**Exercise brief**:
Each record is to be printed again exactly, though not its pictures.

**Material provided**:
☆ ☆ ☆ ☆ ☆ ☆ ☆

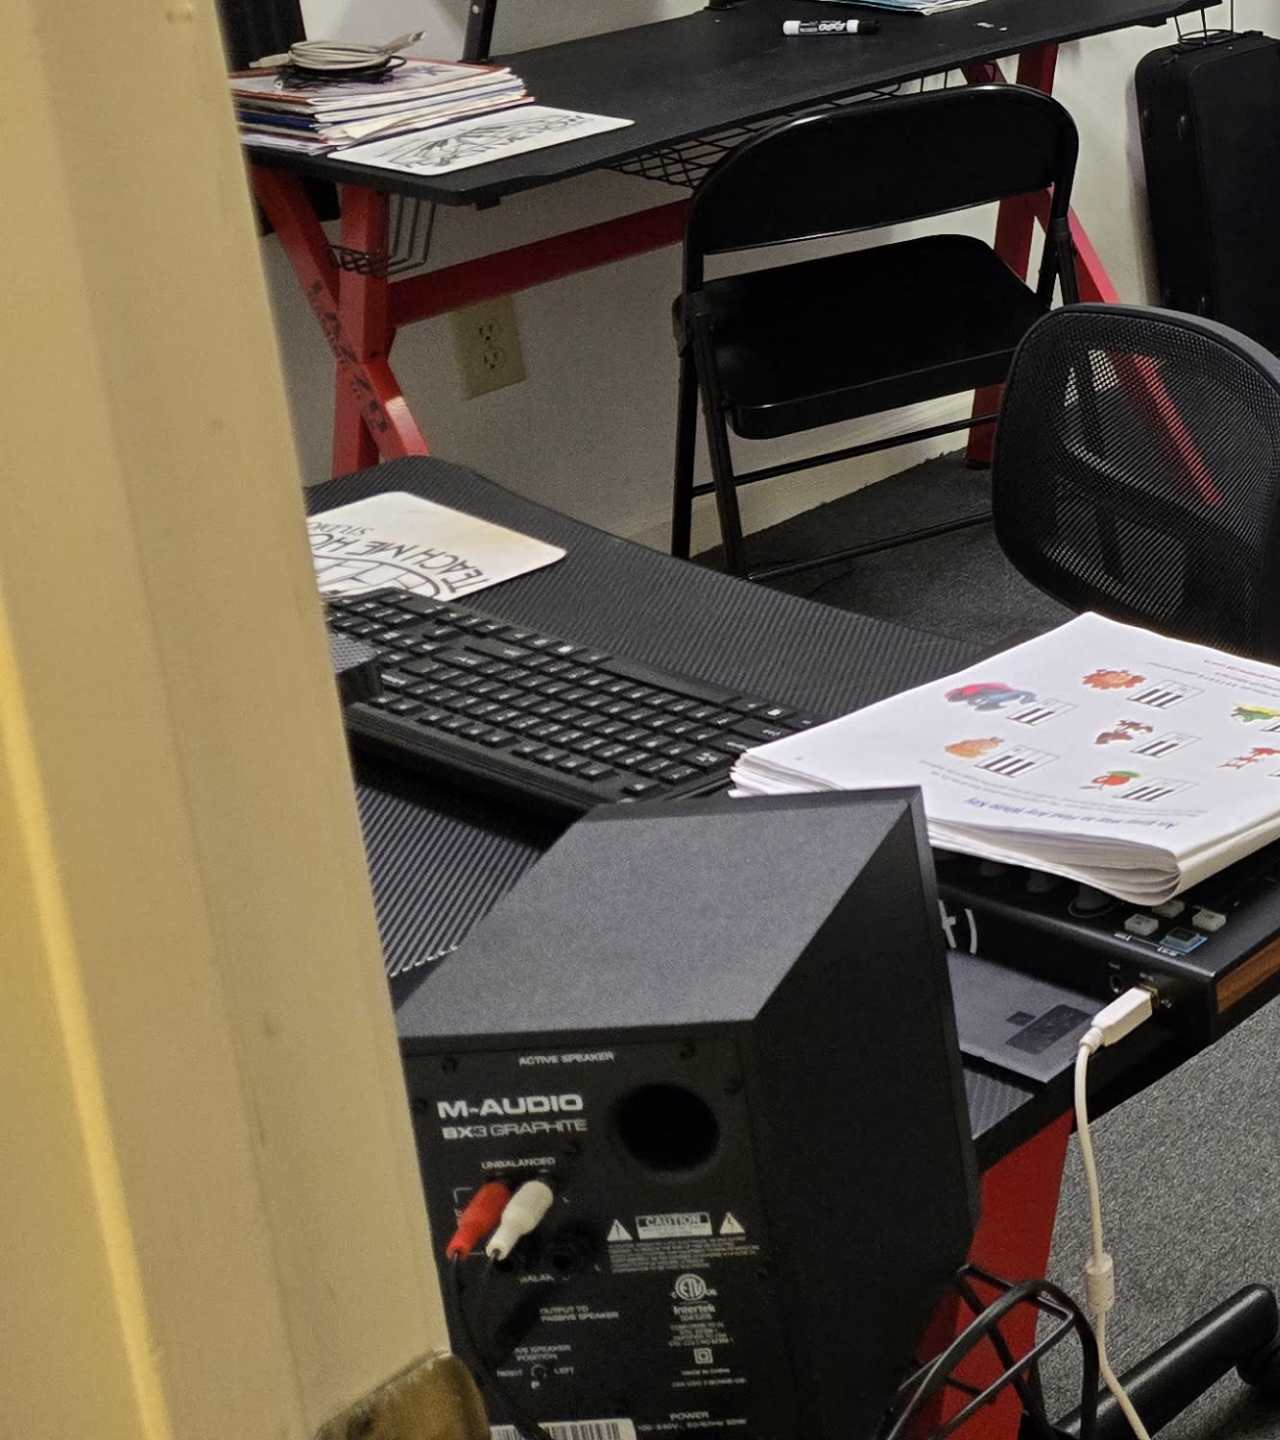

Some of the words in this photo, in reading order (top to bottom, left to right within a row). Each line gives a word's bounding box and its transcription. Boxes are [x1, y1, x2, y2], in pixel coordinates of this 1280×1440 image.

[309, 533, 362, 552] HO
[344, 541, 420, 558] ME
[400, 548, 489, 593] TEACH
[519, 1055, 558, 1066] ACTIVE
[561, 1051, 615, 1064] SPEAKER
[437, 1093, 584, 1119] M-AUDIO
[441, 1125, 488, 1140] BX3
[490, 1118, 588, 1137] GRAPHITE
[480, 1156, 556, 1170] UNBALANCED
[645, 1213, 702, 1228] CAUTION
[578, 1311, 619, 1321] SPEAKER
[670, 1411, 709, 1421] POWER
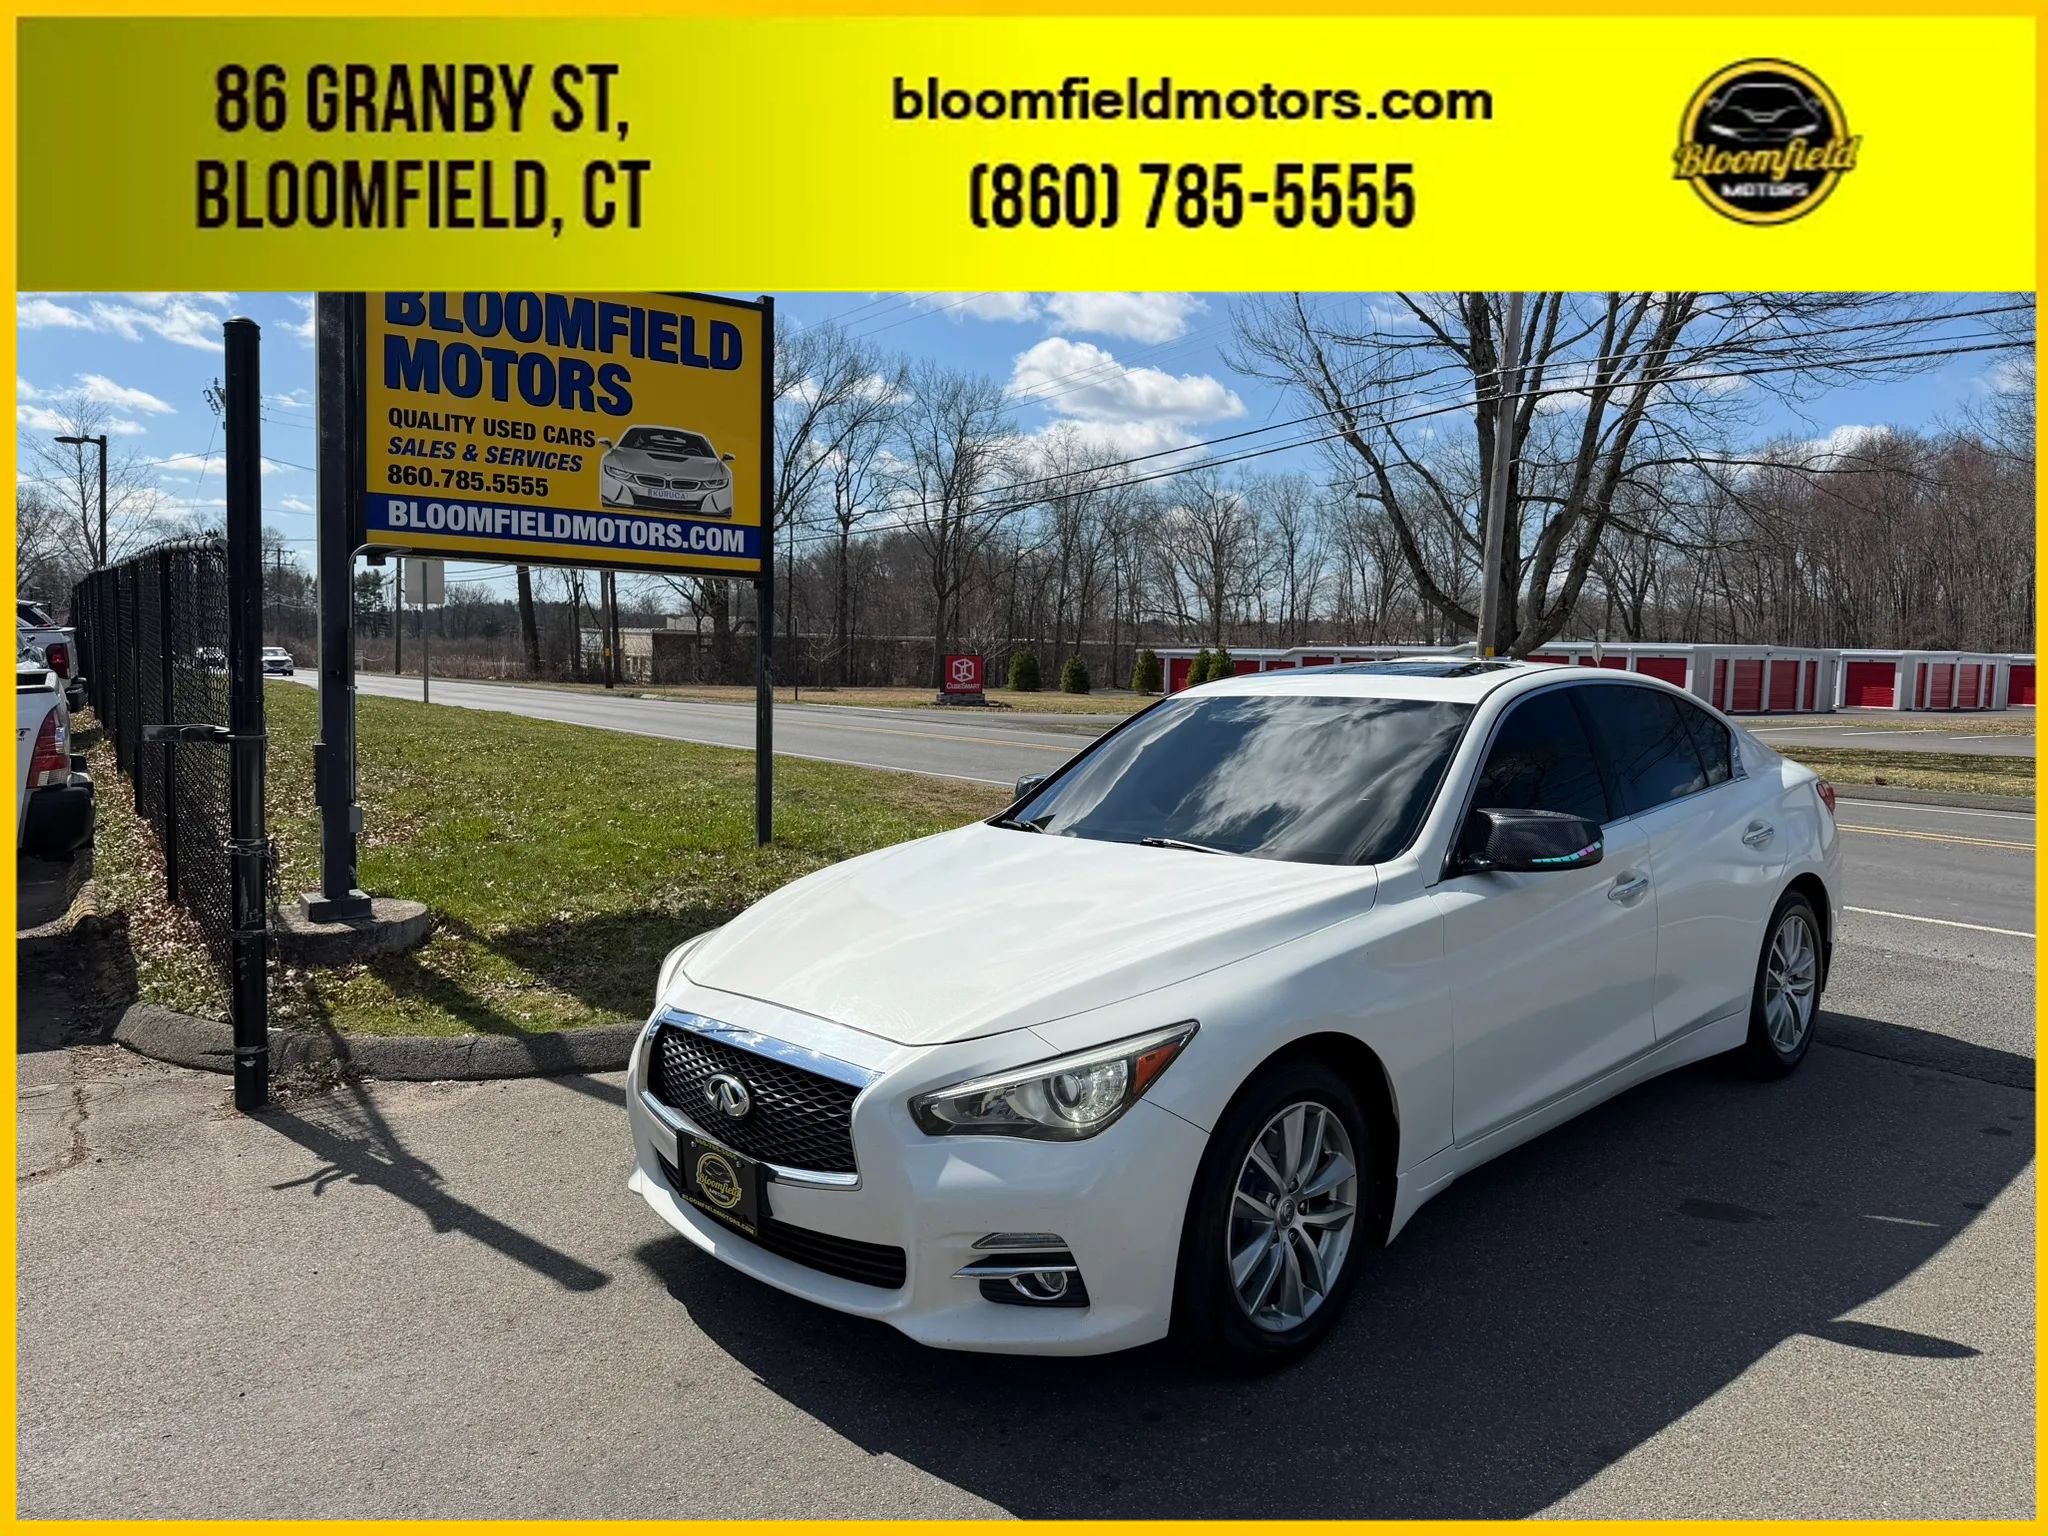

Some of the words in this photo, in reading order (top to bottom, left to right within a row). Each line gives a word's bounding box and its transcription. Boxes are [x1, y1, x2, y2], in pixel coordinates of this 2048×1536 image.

☆ ☆ ☆ ☆ ☆ ☆ ☆

**Answer to the problem**:
Some of the words in this photo, in reading order (top to bottom, left to right within a row). Each line gives a word's bounding box and its transcription. Boxes are [x1, y1, x2, y2], in pixel coordinates of this 1280×1440 image.

[309, 533, 362, 552] HO
[344, 541, 420, 558] ME
[400, 548, 489, 593] TEACH
[519, 1055, 558, 1066] ACTIVE
[561, 1051, 615, 1064] SPEAKER
[437, 1093, 584, 1119] M-AUDIO
[441, 1125, 488, 1140] BX3
[490, 1118, 588, 1137] GRAPHITE
[480, 1156, 556, 1170] UNBALANCED
[645, 1213, 702, 1228] CAUTION
[578, 1311, 619, 1321] SPEAKER
[670, 1411, 709, 1421] POWER

Some of the words in this photo, in reading order (top to bottom, left to right within a row). Each line gives a word's bounding box and its transcription. Boxes are [x1, y1, x2, y2], in pixel coordinates of this 2048×1536 image.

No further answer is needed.